Any advise would be great please.

TonyK.


----------



## Fatbrit (May 8, 2008)

tonyk said:


> How many times a year can I enter the USA under the 90 day Visa Waiver scheme?
> 
> My work visa has expired and I am not re-newing it nor doing anymore work in the US. I have a lovely house which I am reluctant to try to sell yet. Can I come as go as often as I please along as I do not overstay the 90 days???
> 
> ...


You can enter until the nice CBP guy/guyess says you can't. If you try and spend more time here than there, I bet this will occur pretty quickly. But nobody can accurately predict when they will pull up the drawbridge on you.


----------



## Davis1 (Feb 20, 2009)

tonyk said:


> How many times a year can I enter the USA under the 90 day Visa Waiver scheme?
> 
> .


90 days in then 90 days out work for a lot ...


----------



## Zoom (Jul 7, 2008)

Fatbrit said:


> You can enter until the nice CBP guy/guyess says you can't. If you try and spend more time here than there, I bet this will occur pretty quickly. But nobody can accurately predict when they will pull up the drawbridge on you.

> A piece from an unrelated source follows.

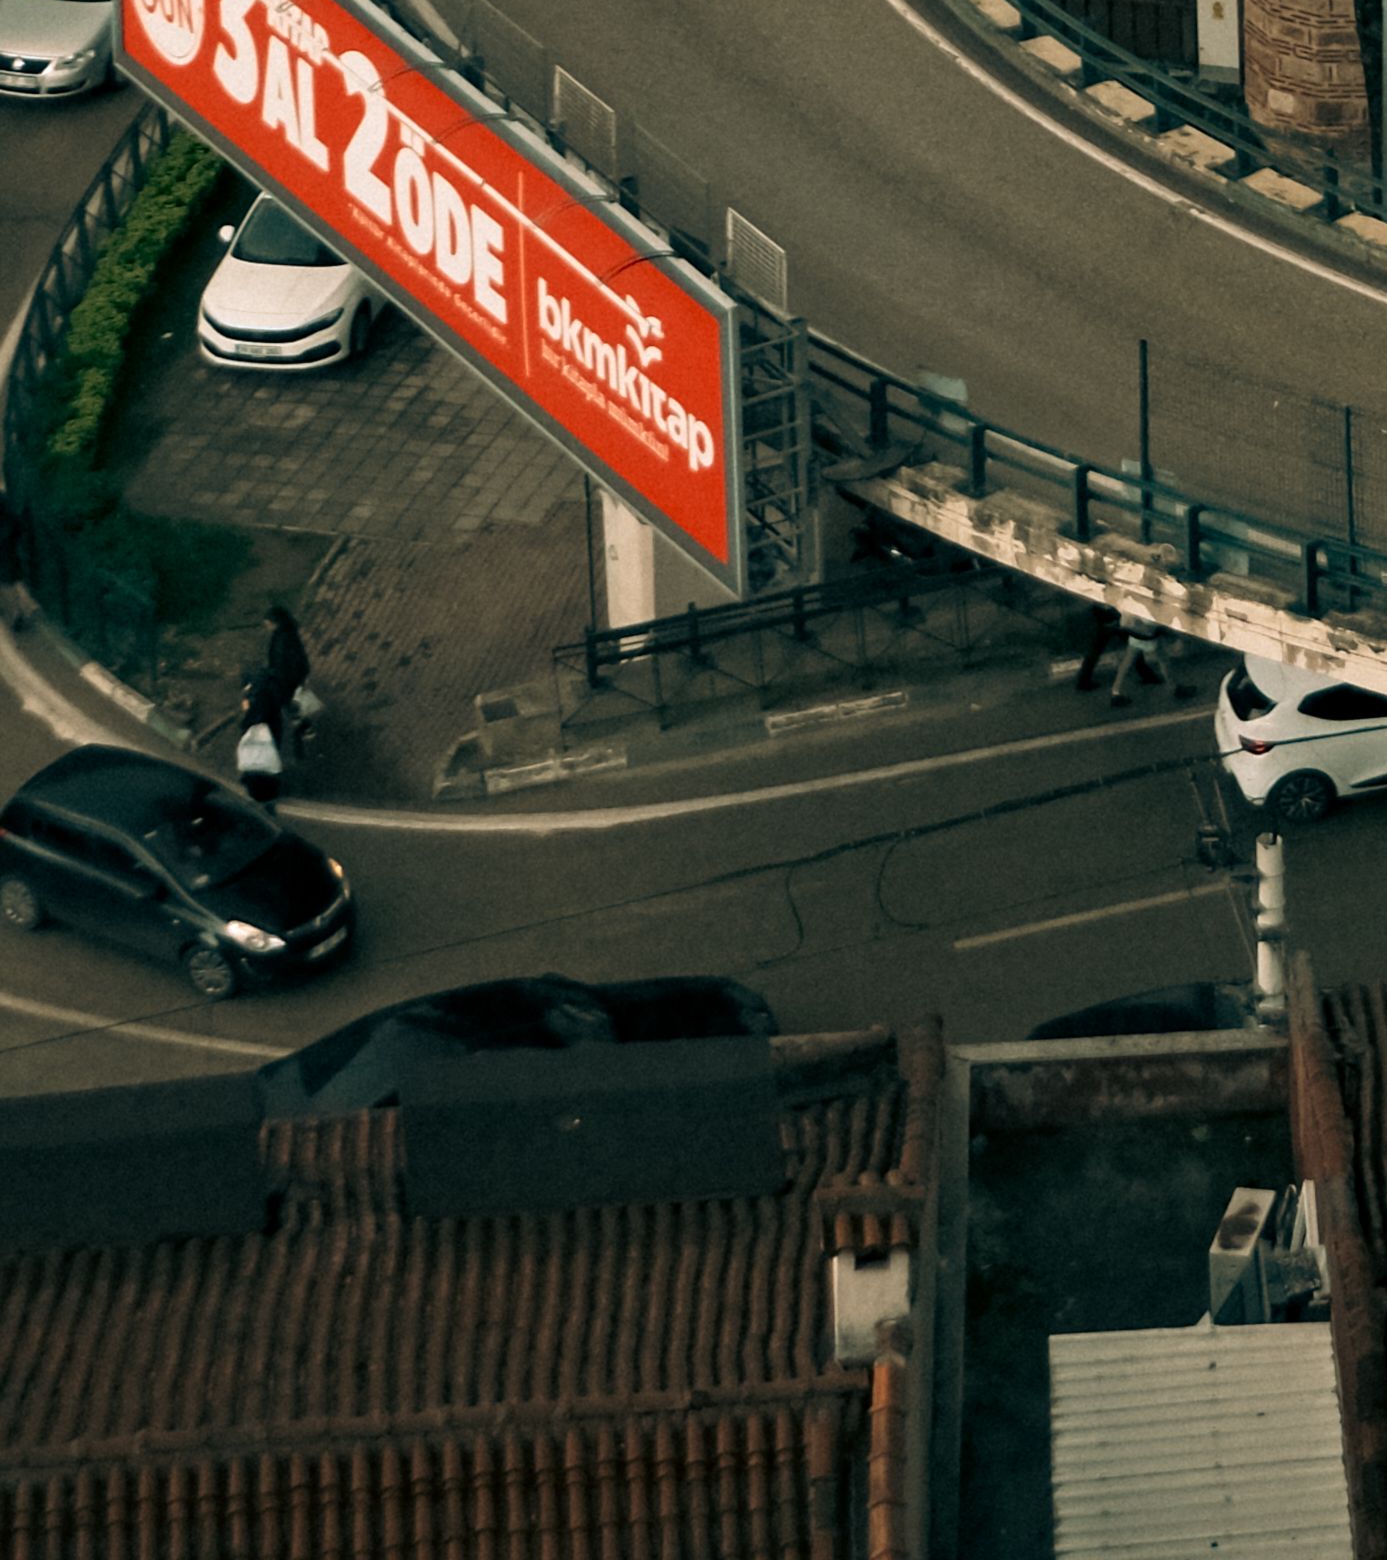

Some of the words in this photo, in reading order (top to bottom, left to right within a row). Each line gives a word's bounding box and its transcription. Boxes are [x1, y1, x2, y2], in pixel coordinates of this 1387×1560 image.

DRAWBRIDGE ?!?!? (Now that is brilliant FB !!) LMAO - So, if there's a Drawbridge there must also be a Castle to go along. WTIM, may I ask, who is the King in the Castle? It can't be OBAMA cause he's the confused Court Jester who can't end a war or get a REAL/DECENT Health Care bill passed (think I voted for him while in the middle of a Vicodin brain rush after a dental visit - not my fault). Oh no, don't tell me King George is back !!! OMG, breakfast is "Coming Up" (kind of like that McCartney song - wow, now THAT'S a combo !!) Zoom

Special Note: Zoom sez, "Sorry about the temp OT thread-jack that just occurred here for a few moments - moments we got stuck in and couldn't get of - goo goo a choo"


----------



## tonyk (Jan 13, 2008)

Zoom said:


> DRAWBRIDGE ?!?!? (Now that is brilliant FB !!) LMAO - So, if there's a Drawbridge there must also be a Castle to go along. WTIM, may I ask, who is the King in the Castle? It can't be OBAMA cause he's the confused Court Jester who can't end a war or get a REAL/DECENT Health Care bill passed (think I voted for him while in the middle of a Vicodin brain rush after a dental visit - not my fault). Oh no, don't tell me King George is back !!! OMG, breakfast is "Coming Up" (kind of like that McCartney song - wow, now THAT'S a combo !!) Zoom
> 
> Special Note: Zoom sez, "Sorry about the temp OT thread-jack that just occurred here for a few moments - moments we got stuck in and couldn't get of - goo goo a choo"


Thanks for the advice .... and humour! Happy Christmas y'all !!!


----------